Deadly wrong, p.17
Deadly Wrong,
p.17
They had come to a small clearing, a canopy of huge pines holding aloft a leaden sky. The opening was surrounded by brush on three sides with, on the fourth, a jumble of stones that looked as if some giant had tossed them in a careless heap centuries ago. Carl paused at the edge of the clearing and pointed at the stones.
“The cave is over there, beyond that big rock.”
Once past the largest of the boulders, the entrance to the cave was easy to spot, a wide fissure in the face of a rocky knoll that cut into the forest like the prow of a giant ship.
“Someone’s been here lately,” Tom said, pointing at a little pile of ashes on the ground just outside the cave. “That’s pretty recent.”
“What makes you say that?” Carl asked.
“It rained yesterday.

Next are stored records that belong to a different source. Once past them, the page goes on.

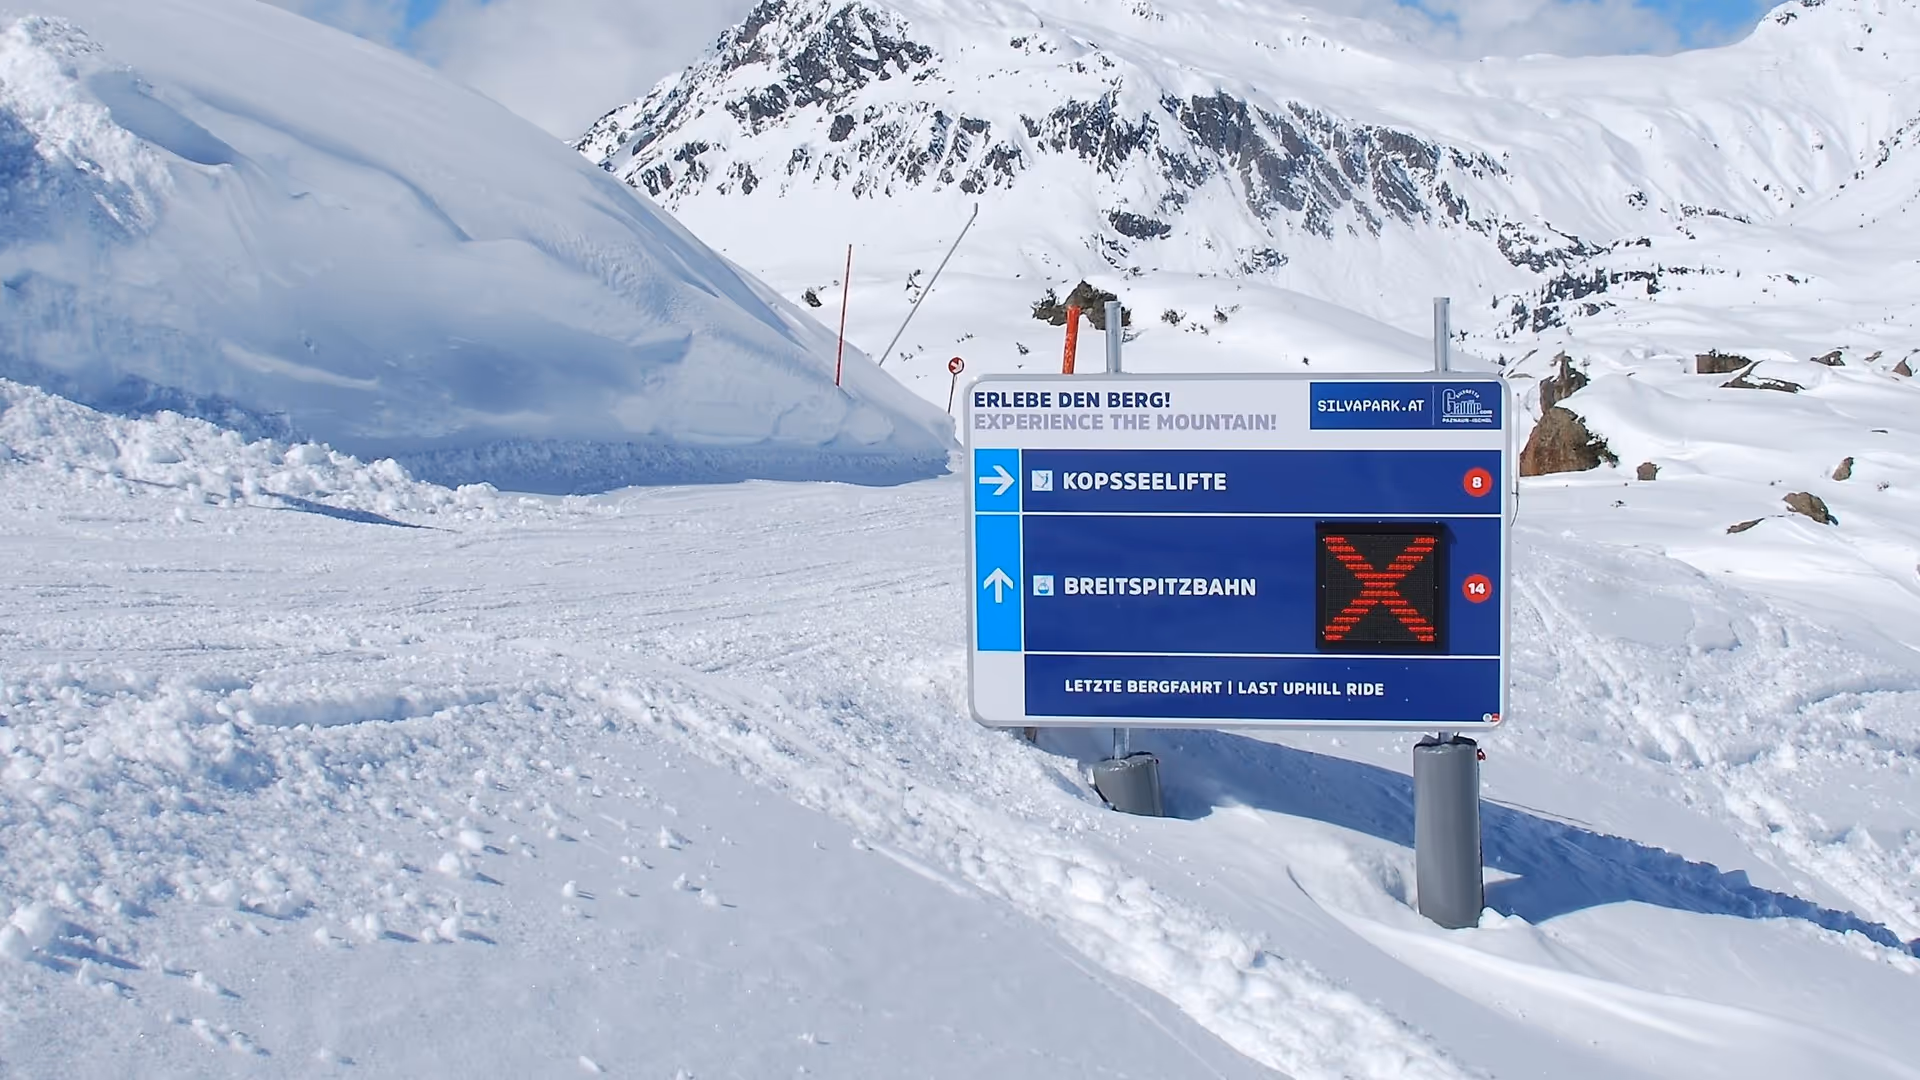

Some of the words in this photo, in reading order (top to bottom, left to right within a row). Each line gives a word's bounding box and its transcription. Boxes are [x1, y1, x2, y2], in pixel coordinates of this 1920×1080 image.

[974, 391, 1051, 408] ERLEBE
[1058, 391, 1100, 408] DEN
[1107, 391, 1171, 409] BERG!
[1317, 399, 1425, 412] SILVAPARK.AT
[974, 413, 1104, 431] EXPERIENCE
[1109, 413, 1151, 431] THE
[1156, 413, 1277, 431] MOUNTAIN!
[1063, 472, 1227, 491] KOPSSEELIFTE
[1472, 476, 1482, 489] 8
[1064, 577, 1256, 597] BREITSPITZBAHN
[1468, 582, 1486, 596] 14
[1065, 679, 1122, 693] LETZTE
[1127, 680, 1222, 694] BERGFAHRT
[1238, 681, 1278, 695] LAST
[1283, 682, 1341, 696] UPHILL
[1346, 683, 1384, 696] RIDE
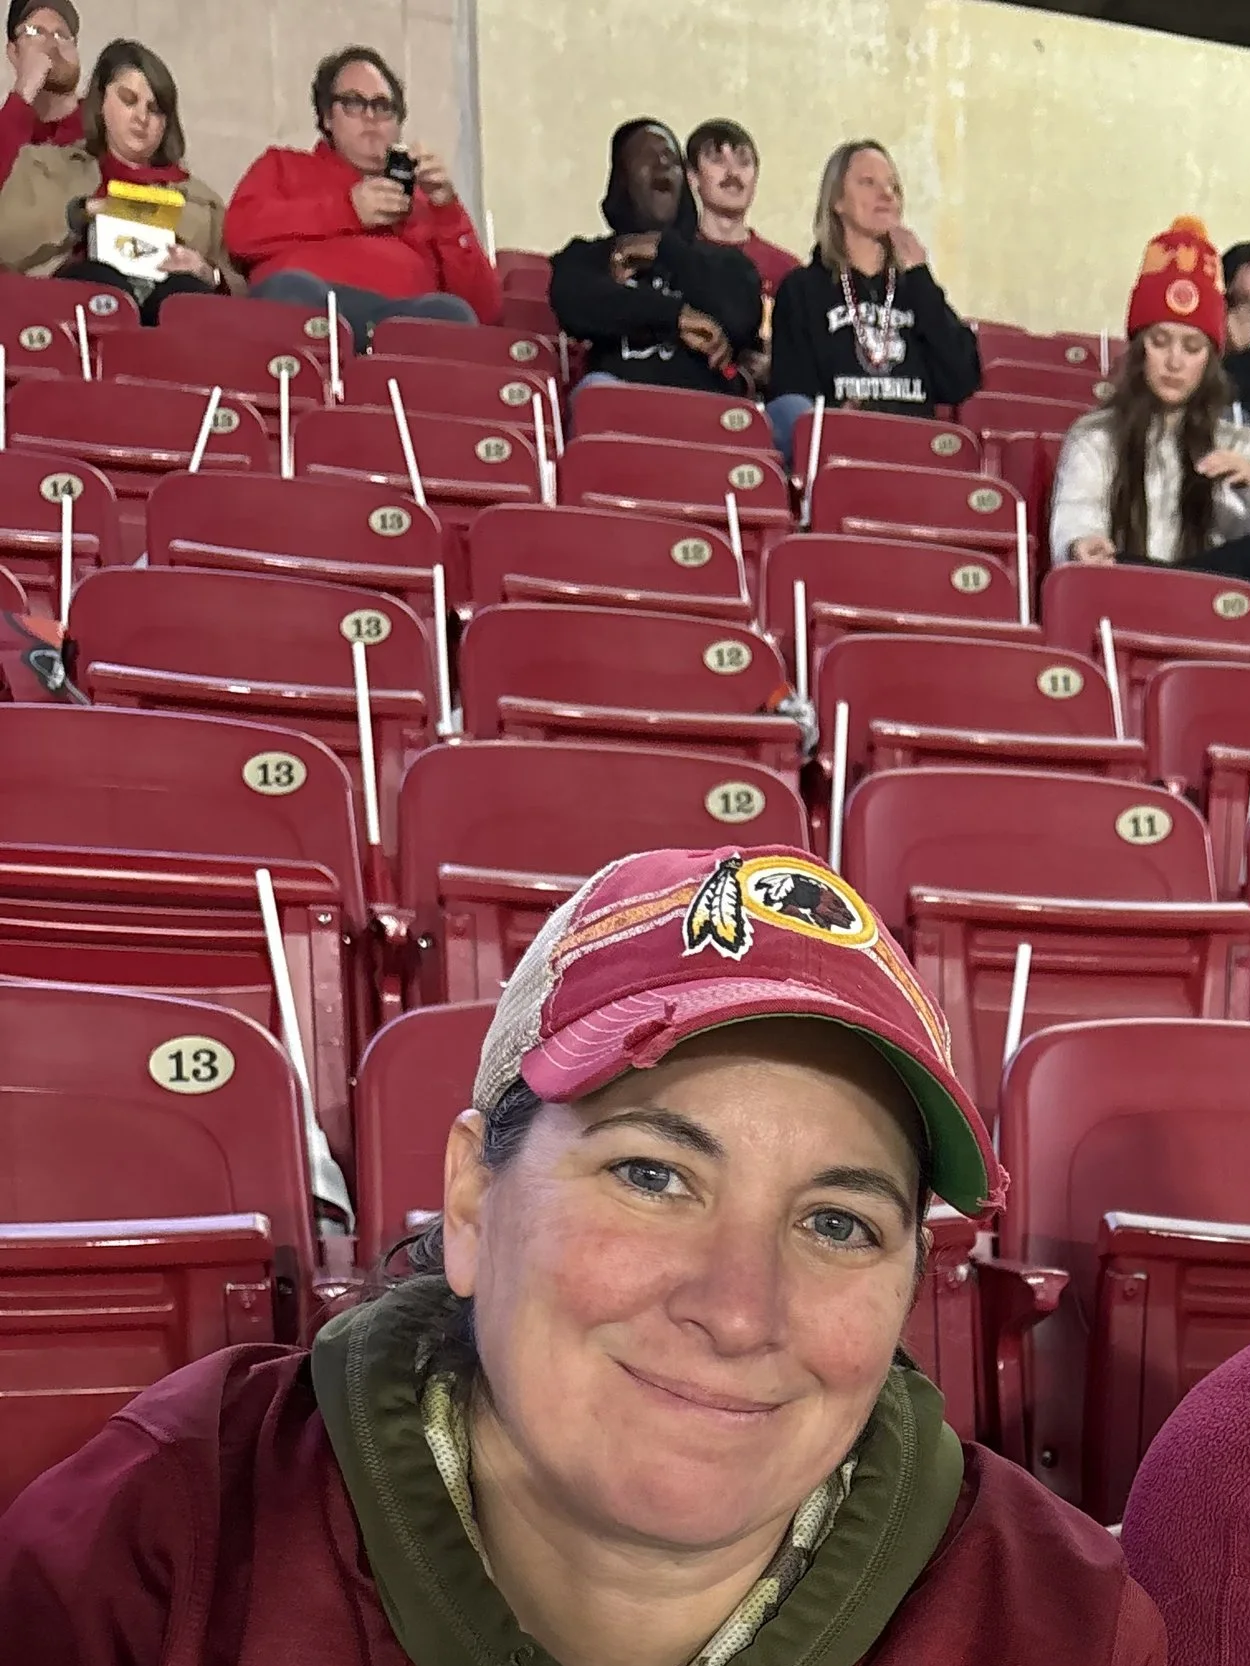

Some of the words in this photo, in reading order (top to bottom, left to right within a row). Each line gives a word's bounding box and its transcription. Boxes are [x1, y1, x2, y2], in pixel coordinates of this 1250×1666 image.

The ashes are dry.”
Stanley knelt, sifted some of the ashes through his fingers.
“These were photos,” he said. “Somebody didn’t want their face in circulation.”
“Or their dick,” Tom said.
“Good point. Are we going in?”
Tom looked at the opening to the cave, and at Stanley. “I’ll check it out first.” He pulled his gun from his holster. “Here, you keep this.”
“I don’t know…”
“Somebody was following us out of town. At least, I thought so.”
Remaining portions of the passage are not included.